Assigned task >>
Exclude the images, then return every line below exactly as written.

[Free-text object descriptions]
---+---
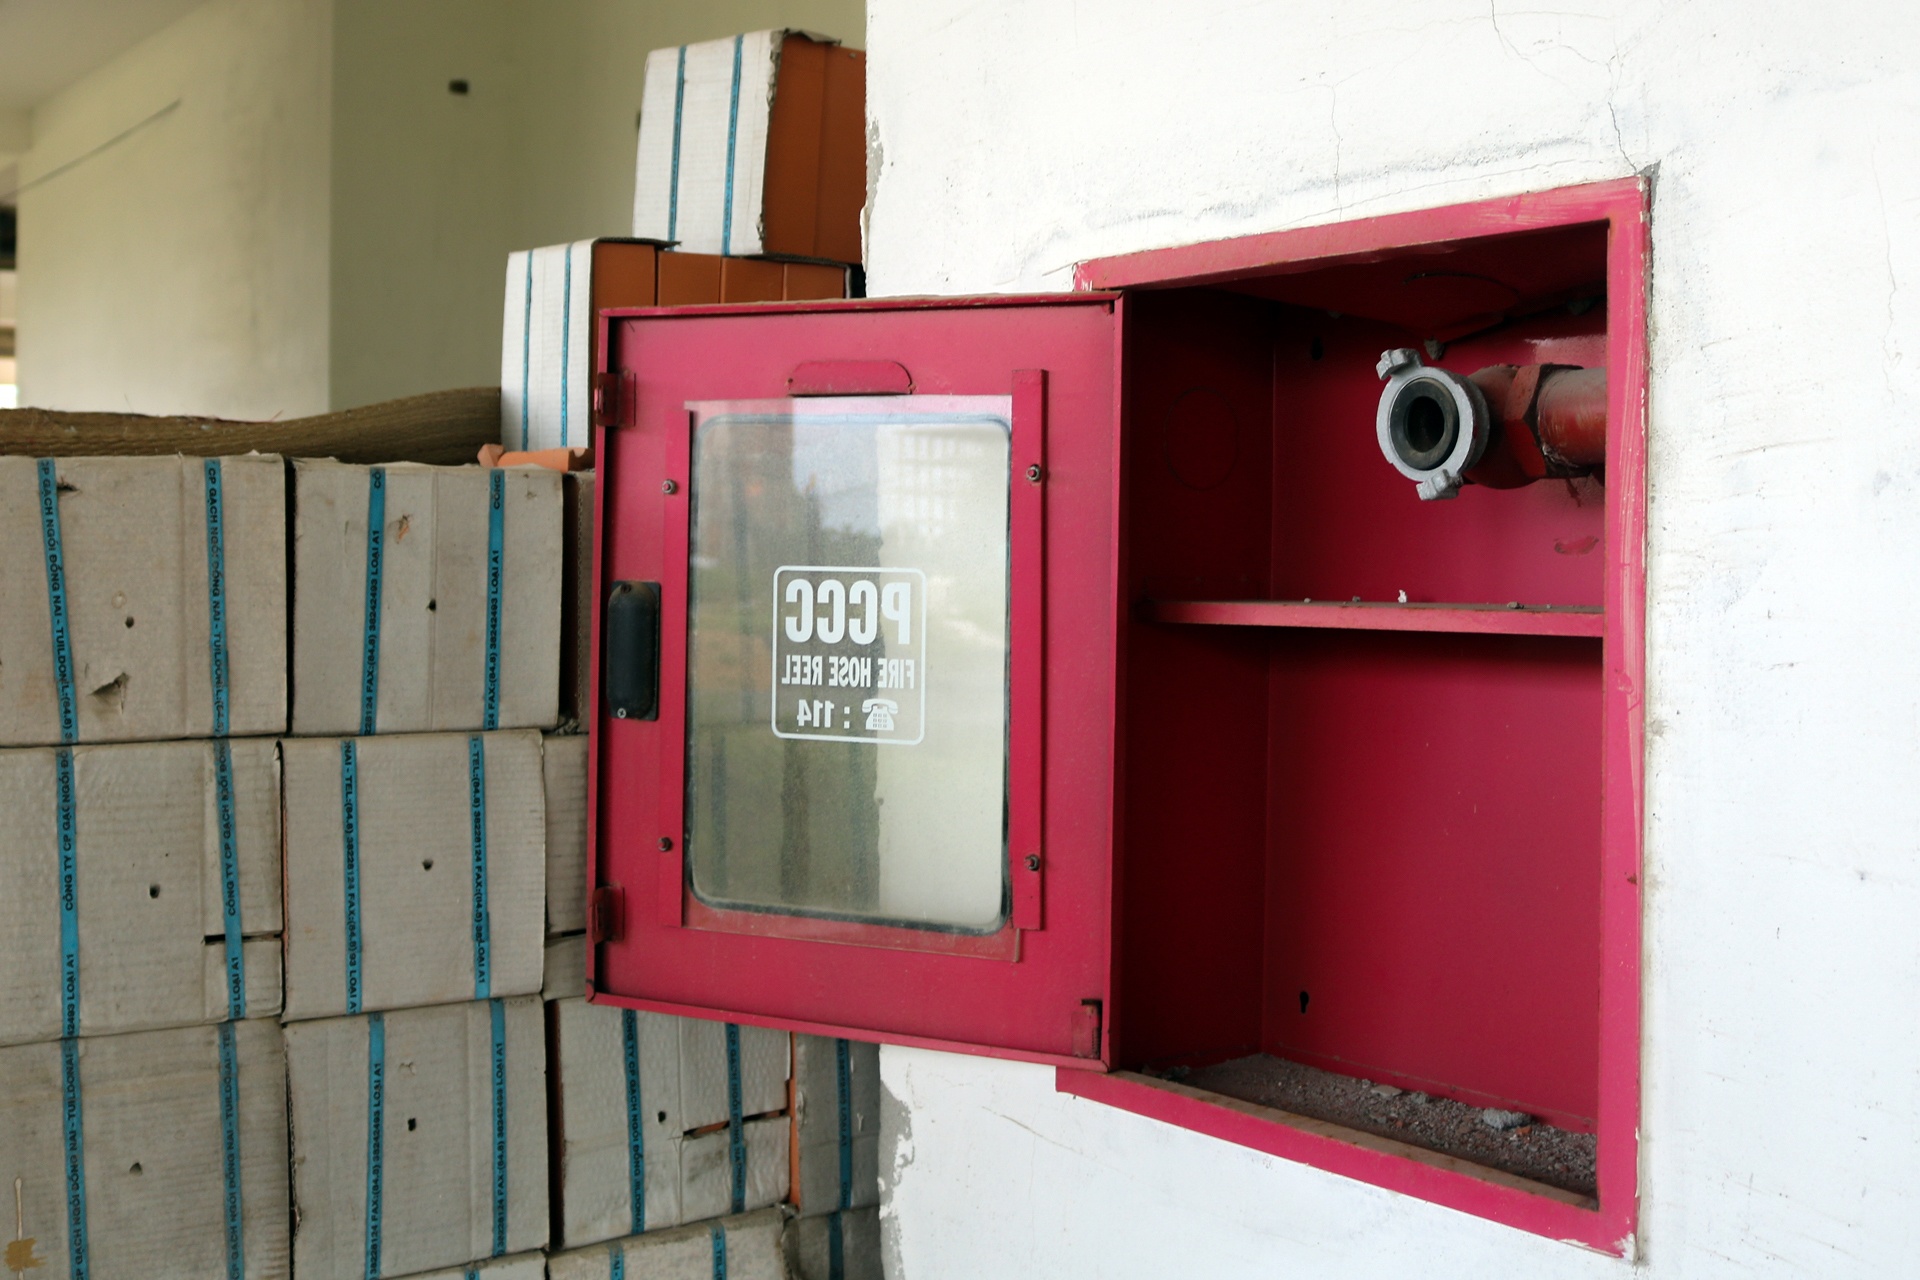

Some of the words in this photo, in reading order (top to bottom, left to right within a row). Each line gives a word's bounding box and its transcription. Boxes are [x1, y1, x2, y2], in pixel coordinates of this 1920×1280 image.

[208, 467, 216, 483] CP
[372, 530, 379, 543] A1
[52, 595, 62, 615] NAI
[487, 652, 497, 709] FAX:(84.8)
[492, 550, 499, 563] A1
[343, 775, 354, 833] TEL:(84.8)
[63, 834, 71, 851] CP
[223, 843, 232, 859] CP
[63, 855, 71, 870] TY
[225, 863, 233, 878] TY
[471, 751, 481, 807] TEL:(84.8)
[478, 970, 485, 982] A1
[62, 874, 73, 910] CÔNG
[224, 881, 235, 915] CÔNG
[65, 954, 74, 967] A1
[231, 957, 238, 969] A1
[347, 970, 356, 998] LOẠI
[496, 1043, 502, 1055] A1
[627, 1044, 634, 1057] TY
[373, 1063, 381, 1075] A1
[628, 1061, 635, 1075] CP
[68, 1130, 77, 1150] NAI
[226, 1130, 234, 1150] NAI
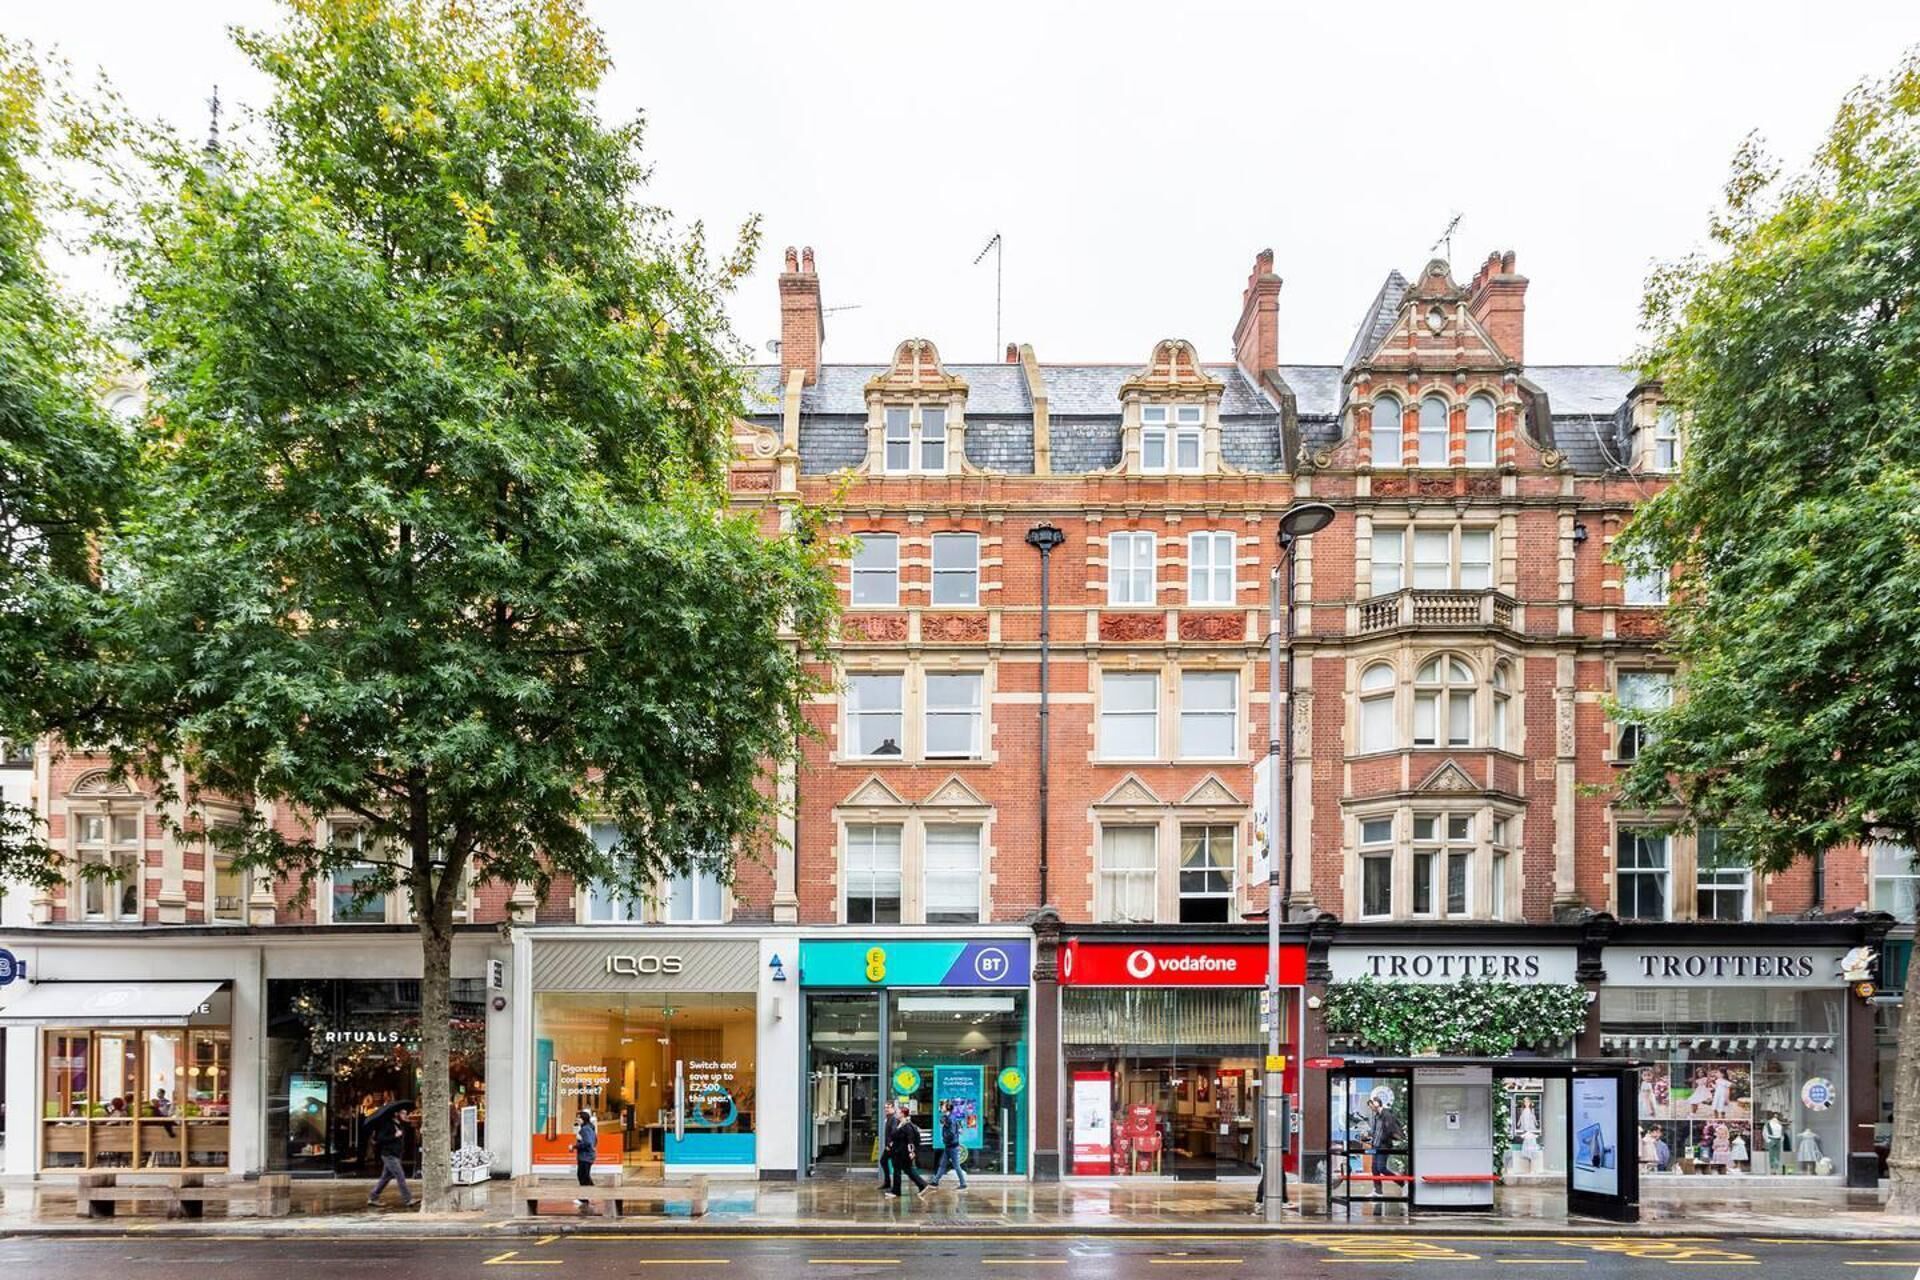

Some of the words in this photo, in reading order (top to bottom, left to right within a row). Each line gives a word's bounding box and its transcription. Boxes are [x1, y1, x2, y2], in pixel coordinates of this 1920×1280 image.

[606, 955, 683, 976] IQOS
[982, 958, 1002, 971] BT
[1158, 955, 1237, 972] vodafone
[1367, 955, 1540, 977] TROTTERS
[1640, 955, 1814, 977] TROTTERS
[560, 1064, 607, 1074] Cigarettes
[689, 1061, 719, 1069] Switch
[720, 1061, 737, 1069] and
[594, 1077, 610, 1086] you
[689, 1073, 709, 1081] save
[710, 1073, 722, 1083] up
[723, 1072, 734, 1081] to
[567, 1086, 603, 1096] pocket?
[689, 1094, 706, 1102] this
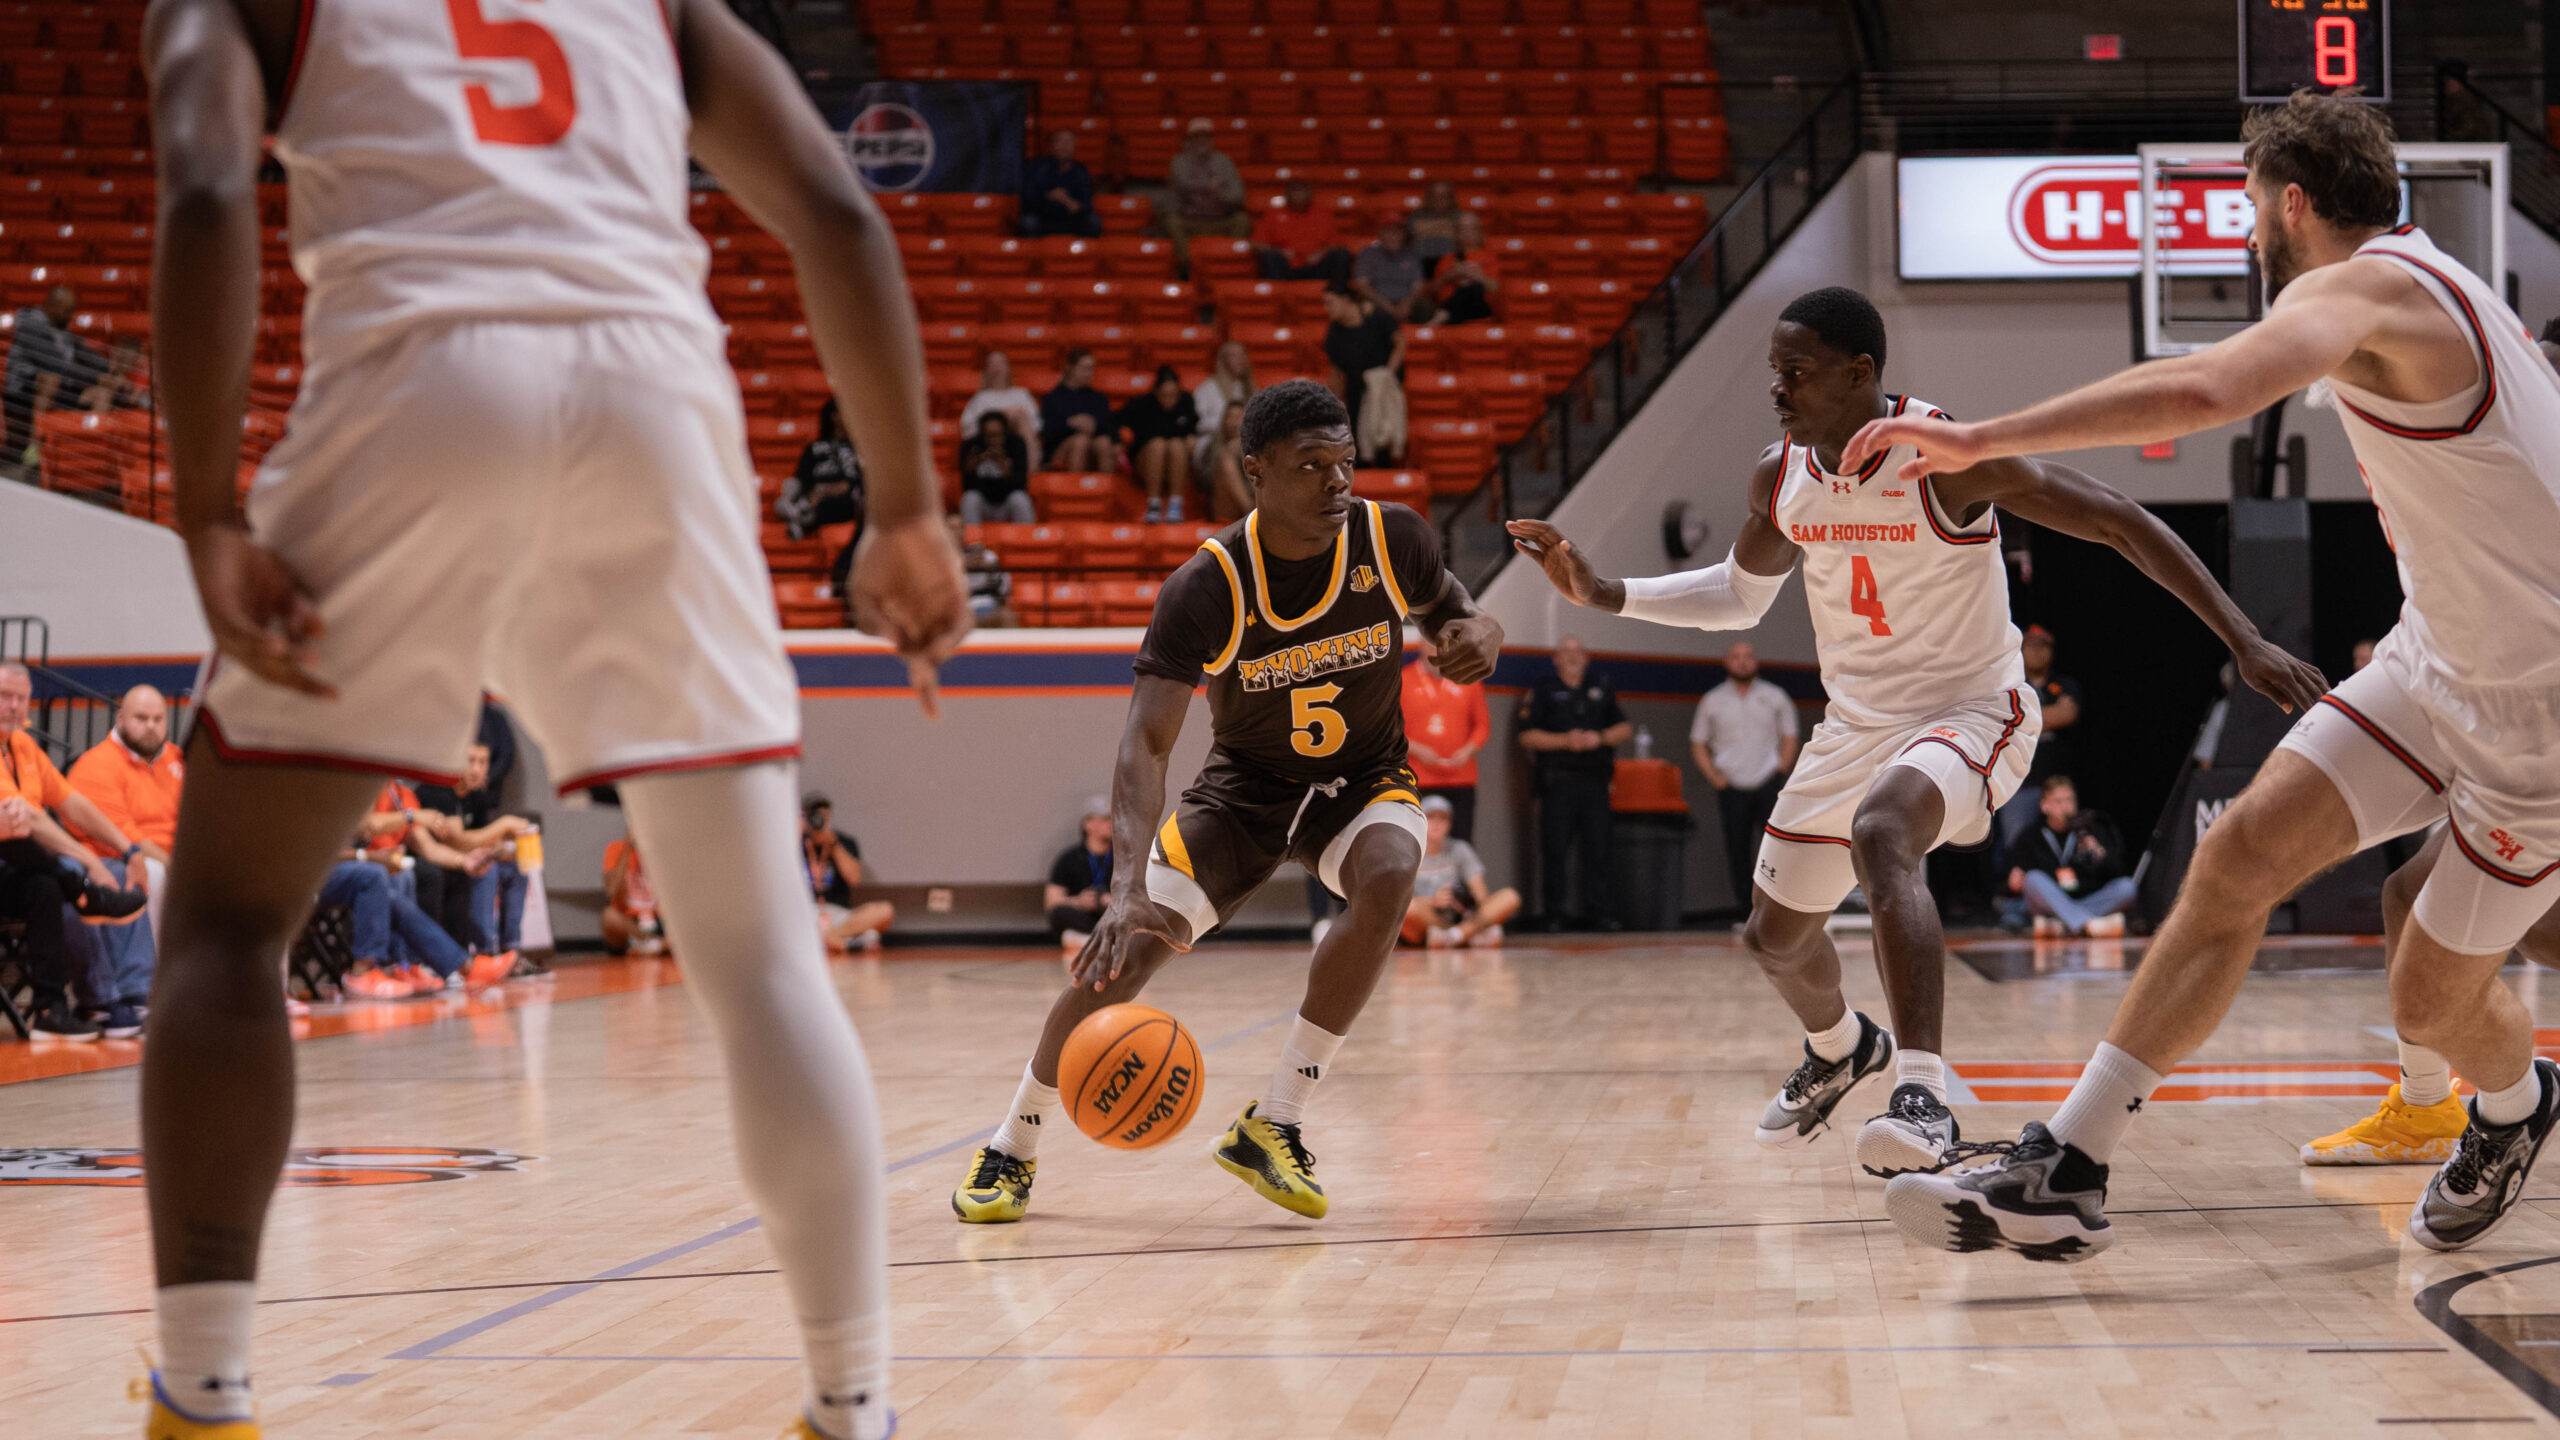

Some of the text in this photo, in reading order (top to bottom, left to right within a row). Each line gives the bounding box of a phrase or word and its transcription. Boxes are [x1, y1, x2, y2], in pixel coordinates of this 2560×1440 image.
---+---
Response to this exercise >>
Some of the words in this photo, in reading order (top to bottom, left to right within a row). Each line gives a word's bounding box and its transcription. Boxes are [x1, y1, x2, y2], in pixel coordinates of this 1920×1280 image.

[208, 467, 216, 483] CP
[372, 530, 379, 543] A1
[52, 595, 62, 615] NAI
[487, 652, 497, 709] FAX:(84.8)
[492, 550, 499, 563] A1
[343, 775, 354, 833] TEL:(84.8)
[63, 834, 71, 851] CP
[223, 843, 232, 859] CP
[63, 855, 71, 870] TY
[225, 863, 233, 878] TY
[471, 751, 481, 807] TEL:(84.8)
[478, 970, 485, 982] A1
[62, 874, 73, 910] CÔNG
[224, 881, 235, 915] CÔNG
[65, 954, 74, 967] A1
[231, 957, 238, 969] A1
[347, 970, 356, 998] LOẠI
[496, 1043, 502, 1055] A1
[627, 1044, 634, 1057] TY
[373, 1063, 381, 1075] A1
[628, 1061, 635, 1075] CP
[68, 1130, 77, 1150] NAI
[226, 1130, 234, 1150] NAI

Some of the words in this photo, in reading order (top to bottom, left to right within a row). Each line gives a word's bounding box and its transcription. Boxes are [x1, y1, x2, y2], in pixel coordinates of this 1920×1280 image.

[606, 955, 683, 976] IQOS
[982, 958, 1002, 971] BT
[1158, 955, 1237, 972] vodafone
[1367, 955, 1540, 977] TROTTERS
[1640, 955, 1814, 977] TROTTERS
[560, 1064, 607, 1074] Cigarettes
[689, 1061, 719, 1069] Switch
[720, 1061, 737, 1069] and
[594, 1077, 610, 1086] you
[689, 1073, 709, 1081] save
[710, 1073, 722, 1083] up
[723, 1072, 734, 1081] to
[567, 1086, 603, 1096] pocket?
[689, 1094, 706, 1102] this

Some of the text in this photo, in reading order (top to bottom, left to right within a row). Each line gives the bounding box of a phrase or word and its transcription. Boxes are [x1, y1, x2, y2], in pixel coordinates of this 2560×1440 image.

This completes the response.